╭─ SUPPLIED RECORDS
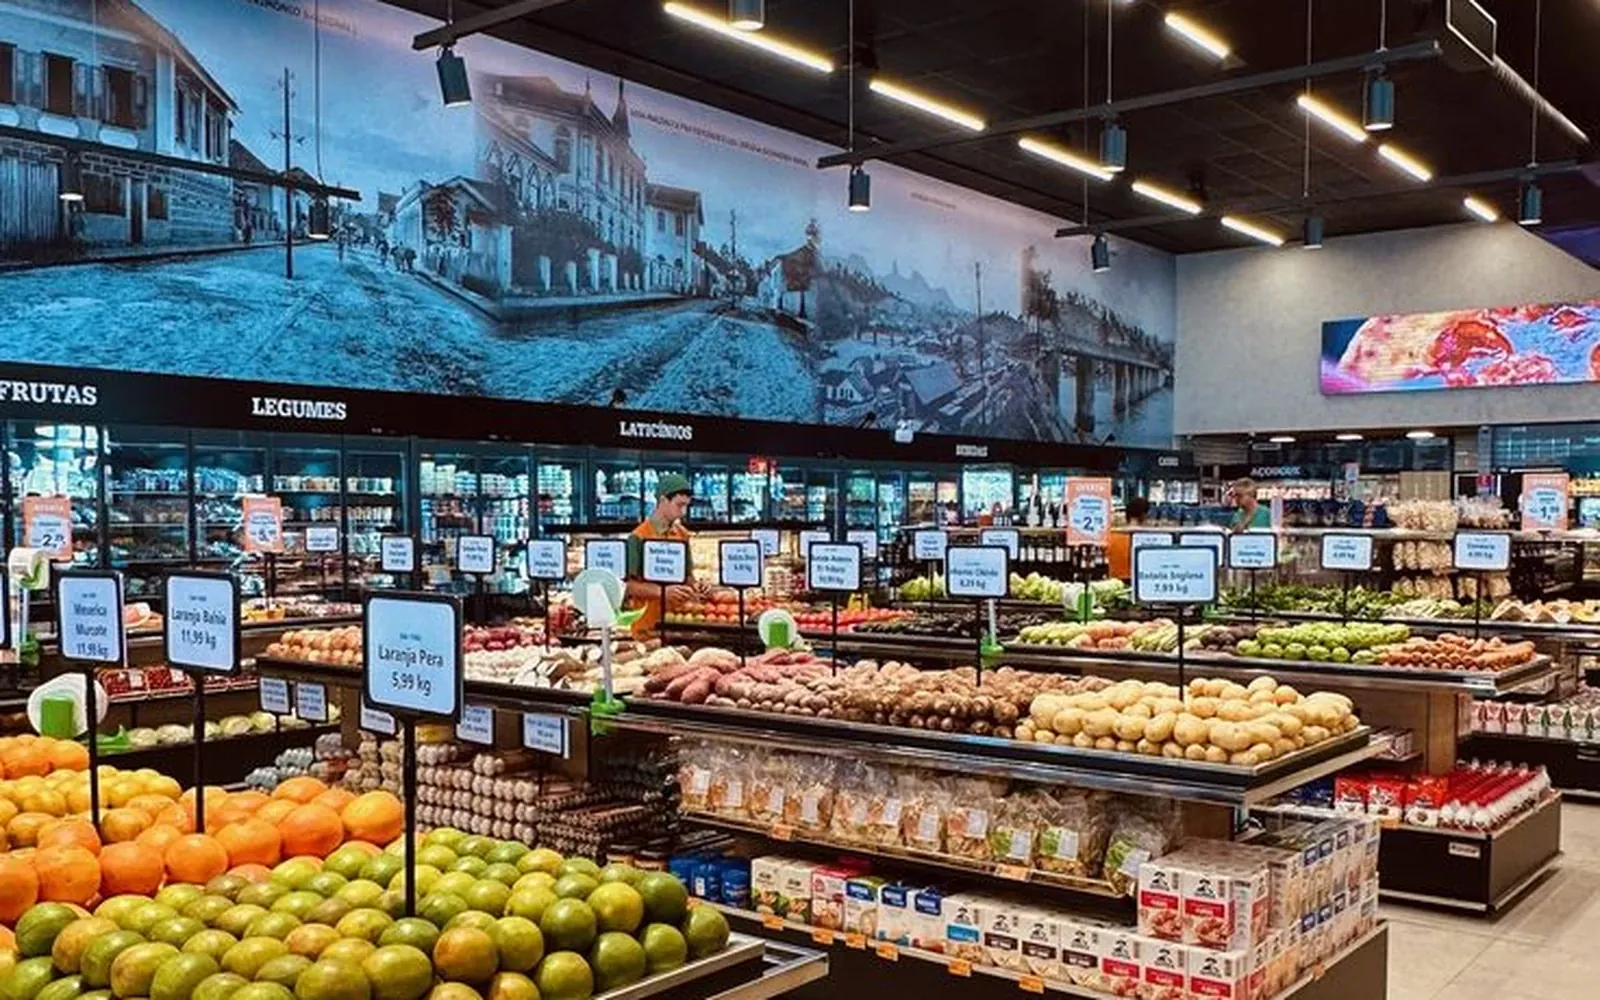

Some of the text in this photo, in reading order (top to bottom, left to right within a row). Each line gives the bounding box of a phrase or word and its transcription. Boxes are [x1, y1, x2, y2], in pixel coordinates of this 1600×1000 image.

[0, 380, 98, 406] FRUTAS
[251, 396, 348, 420] LEGUMES
[619, 419, 693, 442] LATICÍNIOS
[1175, 583, 1189, 594] kg
[98, 644, 109, 660] kg
[205, 630, 217, 651] kg
[378, 643, 444, 669] Laranja Pera
[391, 671, 432, 697] 5,99 kg
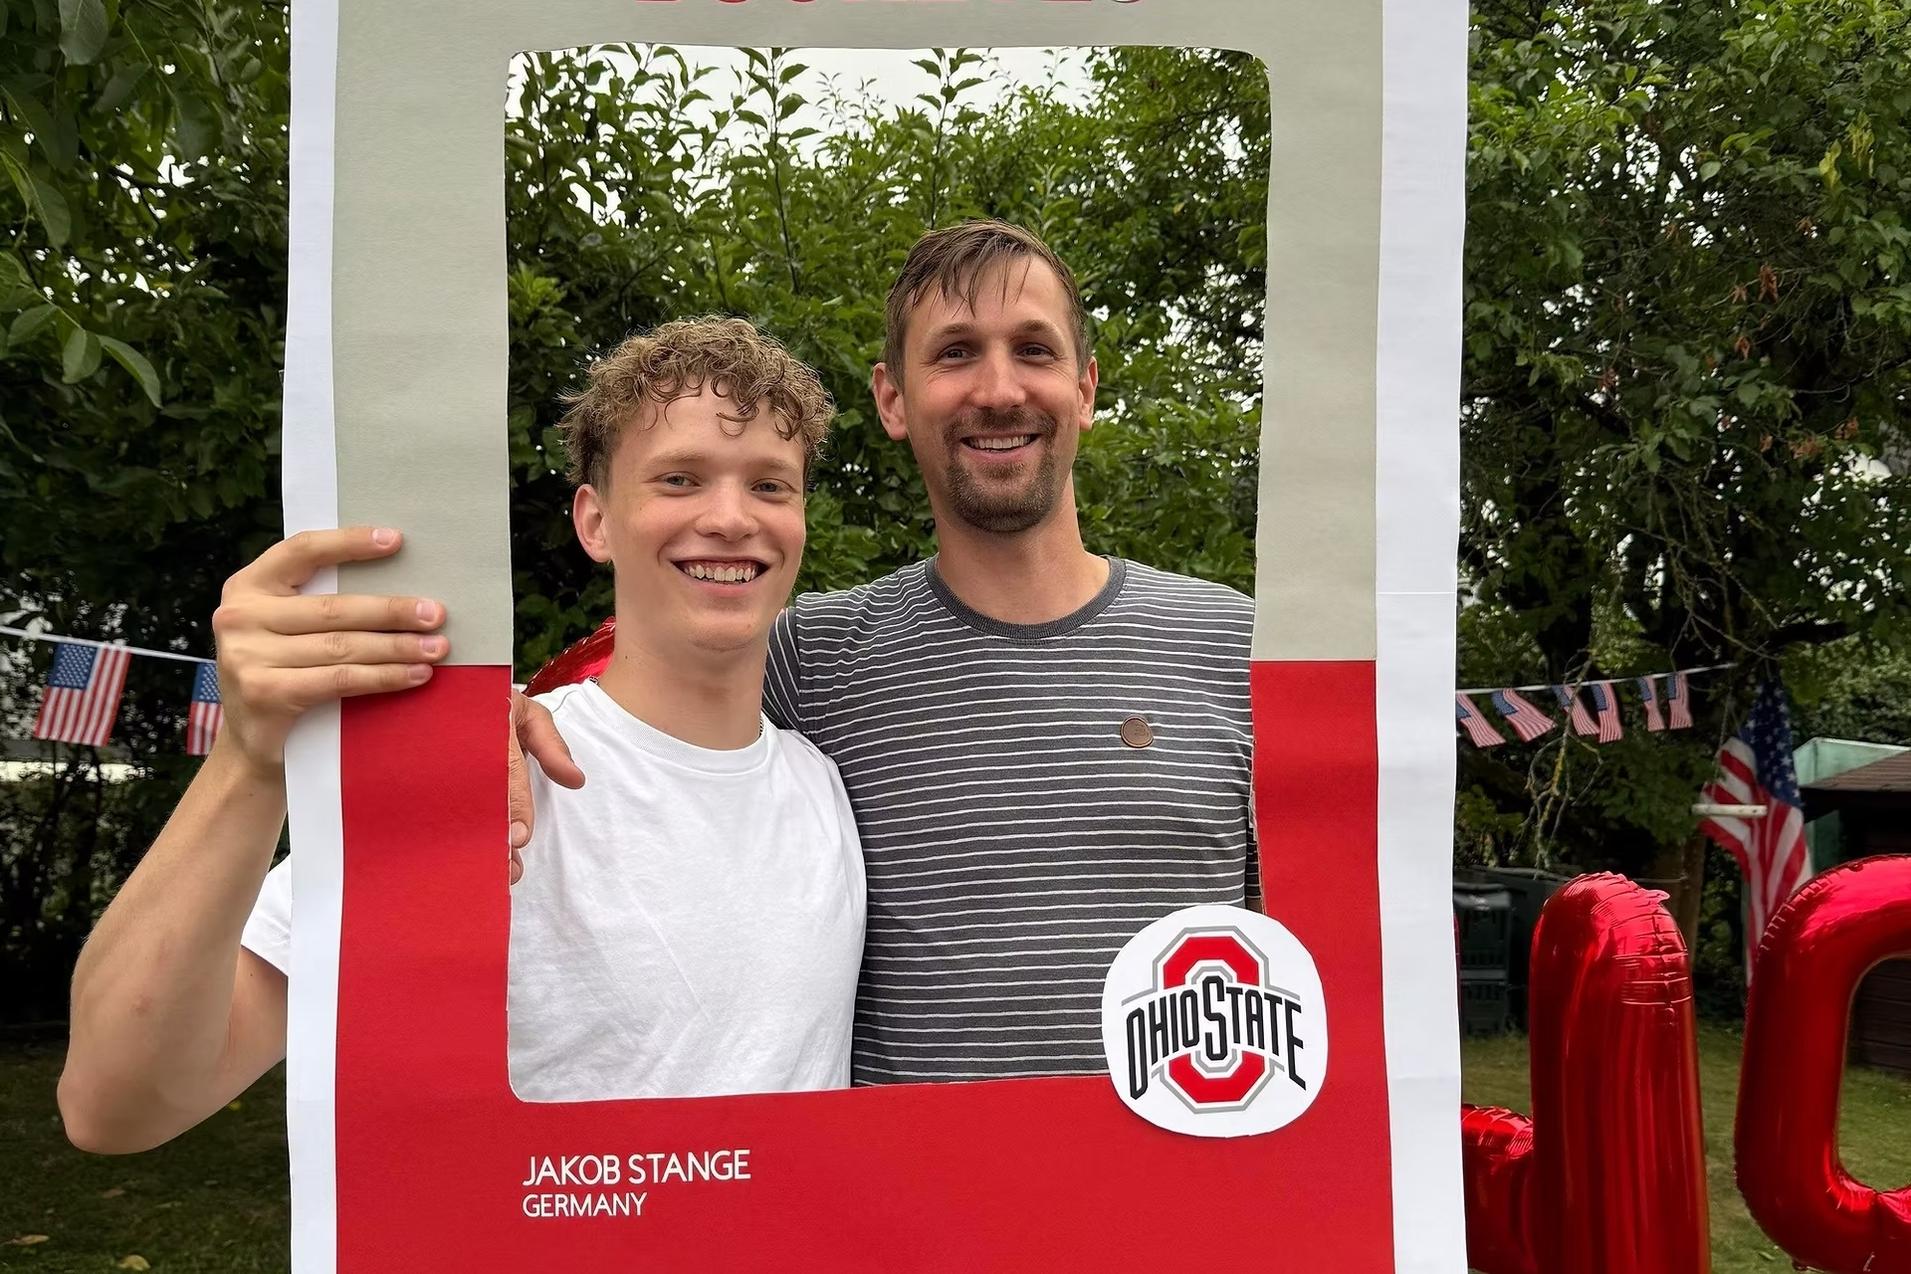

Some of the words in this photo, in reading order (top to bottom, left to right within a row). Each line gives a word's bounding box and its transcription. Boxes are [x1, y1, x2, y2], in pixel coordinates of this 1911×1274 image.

[1126, 988, 1200, 1100] OHIO
[1202, 975, 1307, 1091] STATE
[522, 1154, 622, 1188] JAKOB
[627, 1149, 752, 1185] STANGE
[522, 1192, 648, 1218] GERMANY
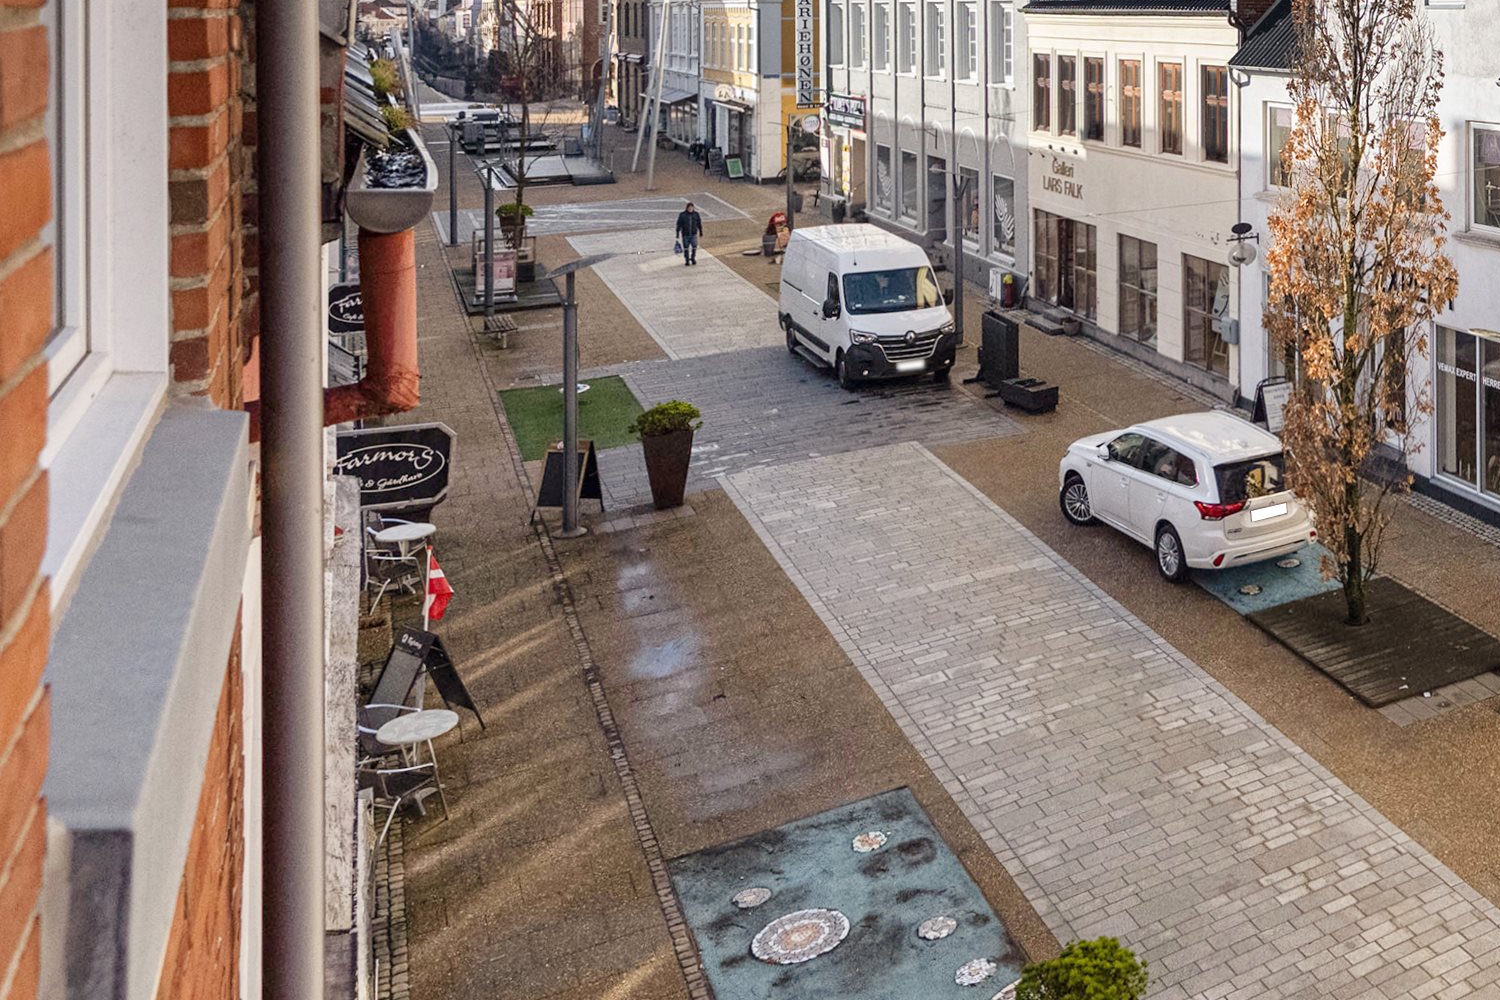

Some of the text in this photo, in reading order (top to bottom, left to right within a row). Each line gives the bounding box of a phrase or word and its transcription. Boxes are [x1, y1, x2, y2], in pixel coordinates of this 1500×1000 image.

[1043, 175, 1083, 200] LARS FALK
[1456, 367, 1477, 382] EXPERT
╰─
_ABOUT THIS EXERCISE:_ Repeat verbatim the range of lines that opens at the line containing "Some of the words" and closes at the last line of the entries, excluding all pictures.

_RESPONSE:_
Some of the words in this photo, in reading order (top to bottom, left to right within a row). Each line gives a word's bounding box and its transcription. Boxes are [x1, y1, x2, y2], in pixel coordinates of this 1911×1274 image.

[1126, 988, 1200, 1100] OHIO
[1202, 975, 1307, 1091] STATE
[522, 1154, 622, 1188] JAKOB
[627, 1149, 752, 1185] STANGE
[522, 1192, 648, 1218] GERMANY

Some of the text in this photo, in reading order (top to bottom, left to right within a row). Each line gives the bounding box of a phrase or word and its transcription. Boxes are [x1, y1, x2, y2], in pixel coordinates of this 1500×1000 image.

[1043, 175, 1083, 200] LARS FALK
[1456, 367, 1477, 382] EXPERT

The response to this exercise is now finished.